Would you reproduce each of the records below precisely, with the pictures left out?

#### RECORDS FOR PROCESSING

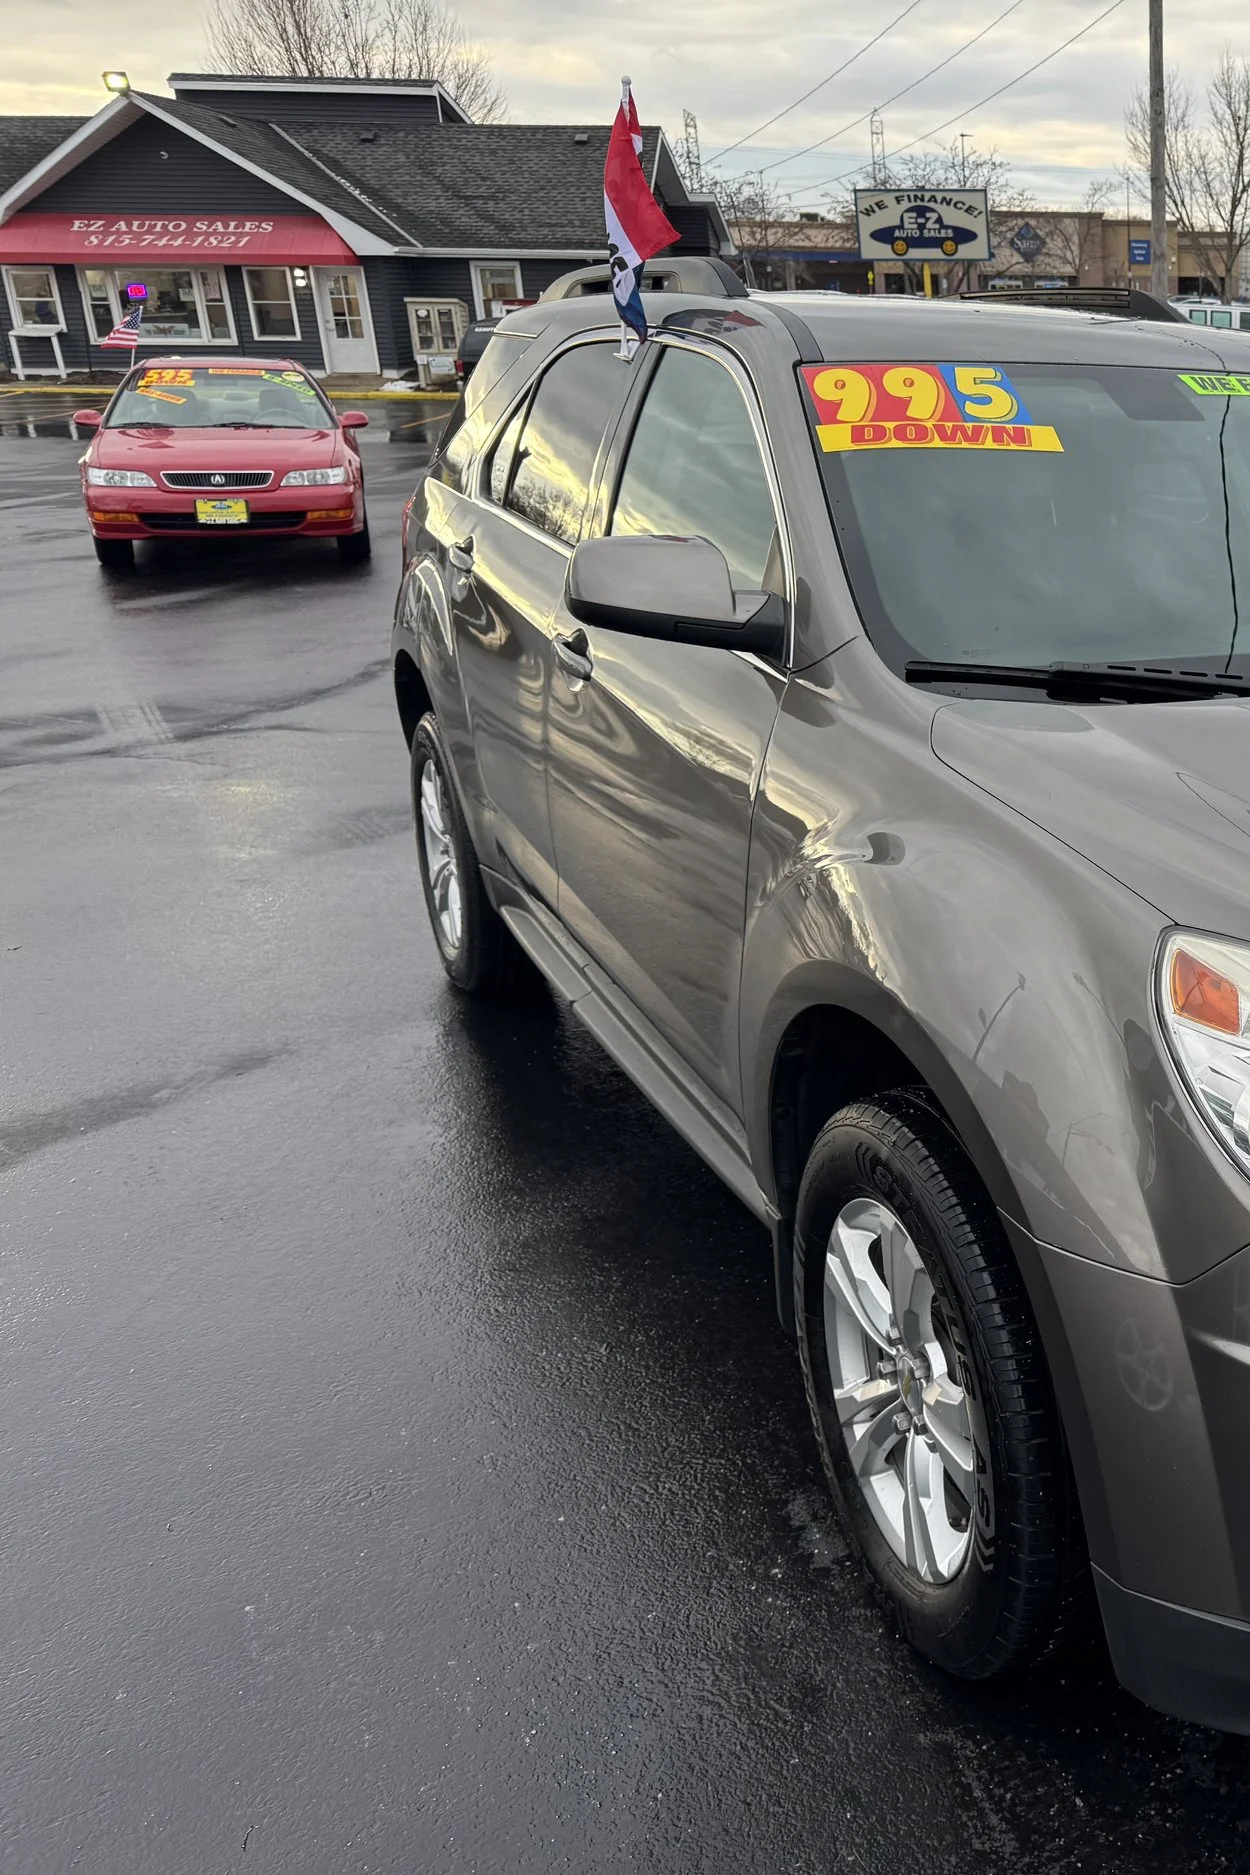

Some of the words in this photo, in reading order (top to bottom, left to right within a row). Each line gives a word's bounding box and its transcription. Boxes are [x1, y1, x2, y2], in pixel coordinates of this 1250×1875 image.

[860, 200, 888, 217] WE
[894, 194, 983, 219] FINANCE!
[70, 220, 105, 231] EZ
[110, 220, 187, 232] AUTO
[193, 221, 274, 233] SALES
[902, 212, 940, 229] E-Z
[84, 234, 251, 247] 815-744-1821
[894, 229, 919, 238] AUTO
[923, 229, 954, 238] SALES
[144, 368, 193, 381] 595
[1191, 376, 1237, 393] WE
[813, 367, 1019, 422] 995
[851, 423, 1033, 447] DOWN
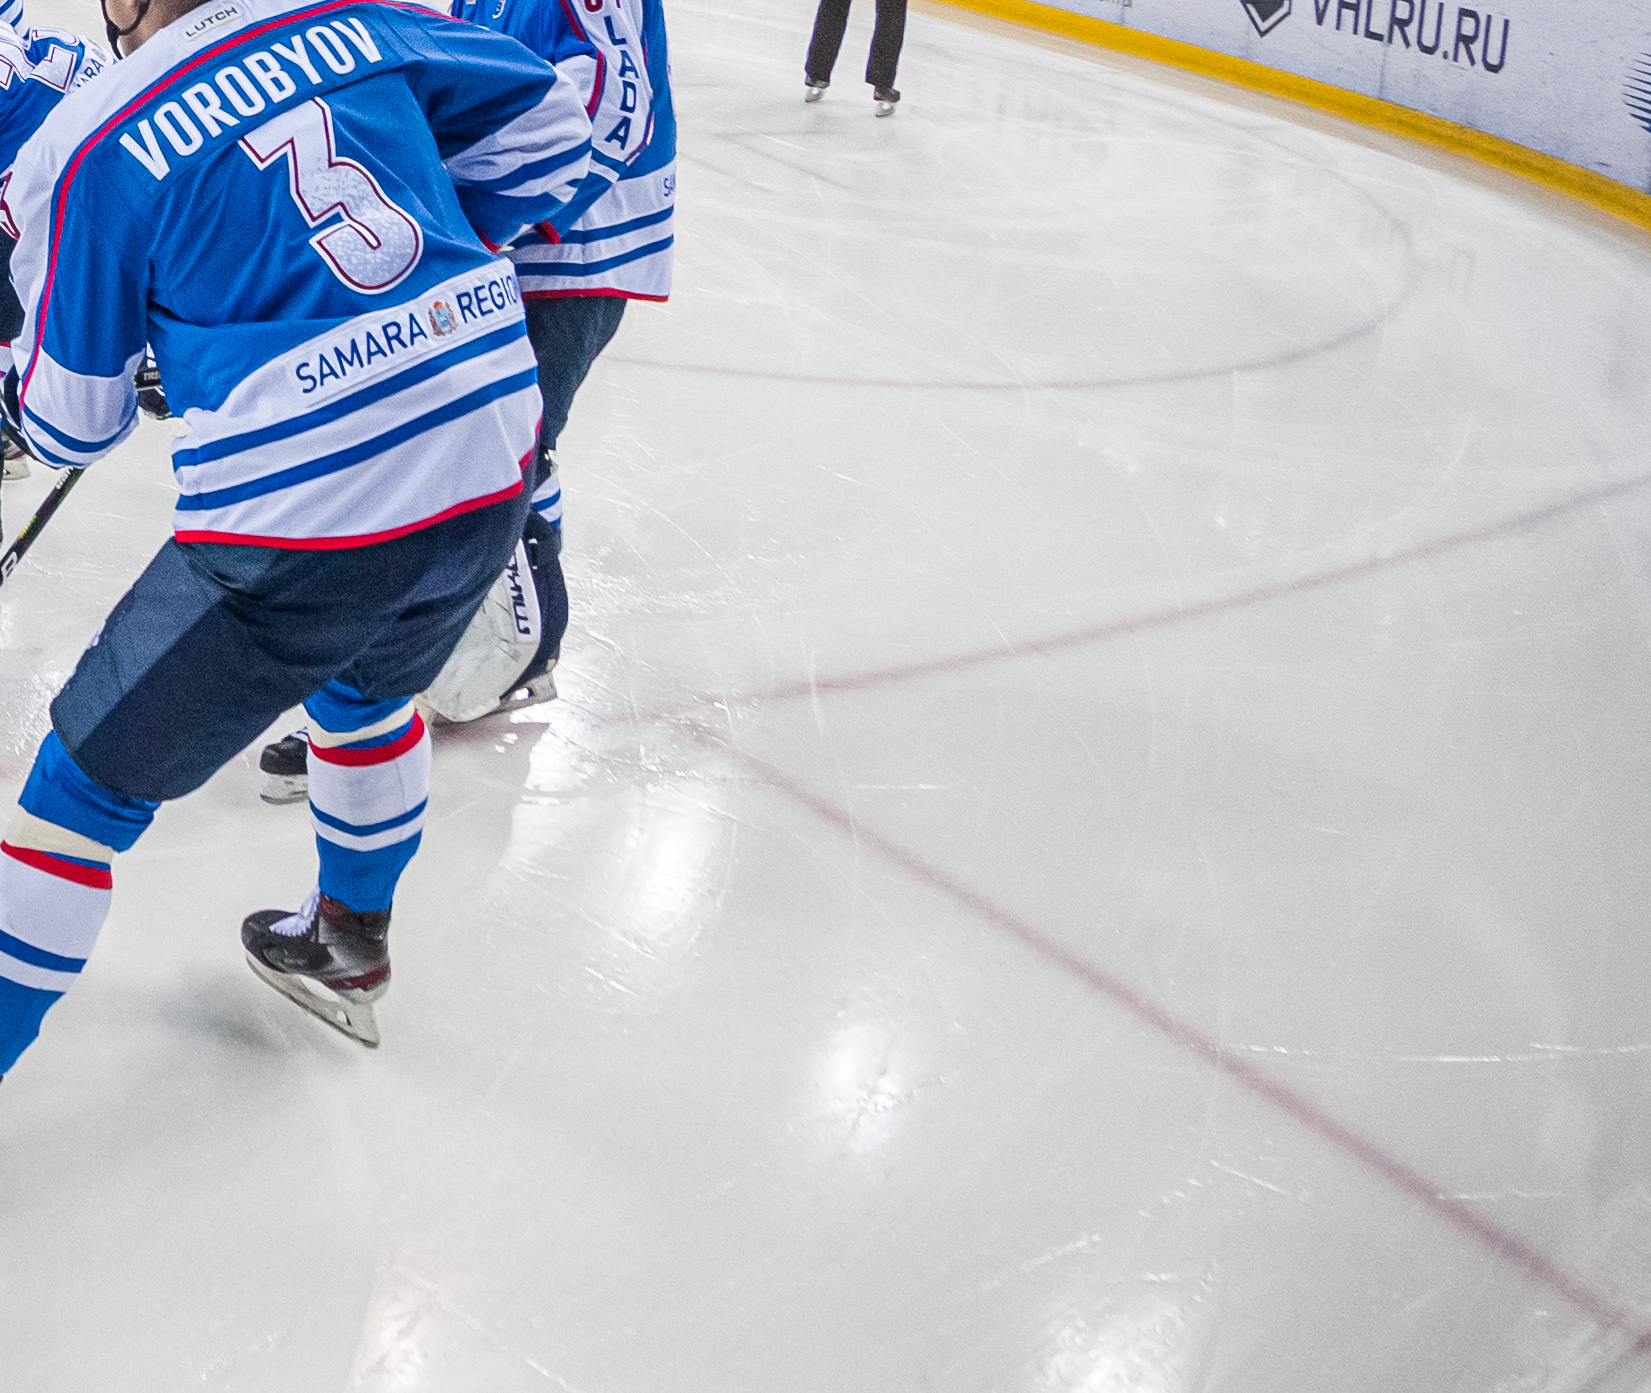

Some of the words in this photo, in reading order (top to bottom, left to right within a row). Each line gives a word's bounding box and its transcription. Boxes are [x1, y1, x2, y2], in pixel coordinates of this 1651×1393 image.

########

- RESULT OF THIS TASK
Some of the words in this photo, in reading order (top to bottom, left to right within a row). Each line gives a word's bounding box and its transcription. Boxes are [x1, y1, x2, y2], in pixel coordinates of this 1250×1875 image.

[860, 200, 888, 217] WE
[894, 194, 983, 219] FINANCE!
[70, 220, 105, 231] EZ
[110, 220, 187, 232] AUTO
[193, 221, 274, 233] SALES
[902, 212, 940, 229] E-Z
[84, 234, 251, 247] 815-744-1821
[894, 229, 919, 238] AUTO
[923, 229, 954, 238] SALES
[144, 368, 193, 381] 595
[1191, 376, 1237, 393] WE
[813, 367, 1019, 422] 995
[851, 423, 1033, 447] DOWN

Some of the words in this photo, in reading order (top to bottom, left to right within a row). Each line gives a word's bounding box and its transcription. Boxes are [x1, y1, x2, y2], in pixel coordinates of this 1651×1393 image.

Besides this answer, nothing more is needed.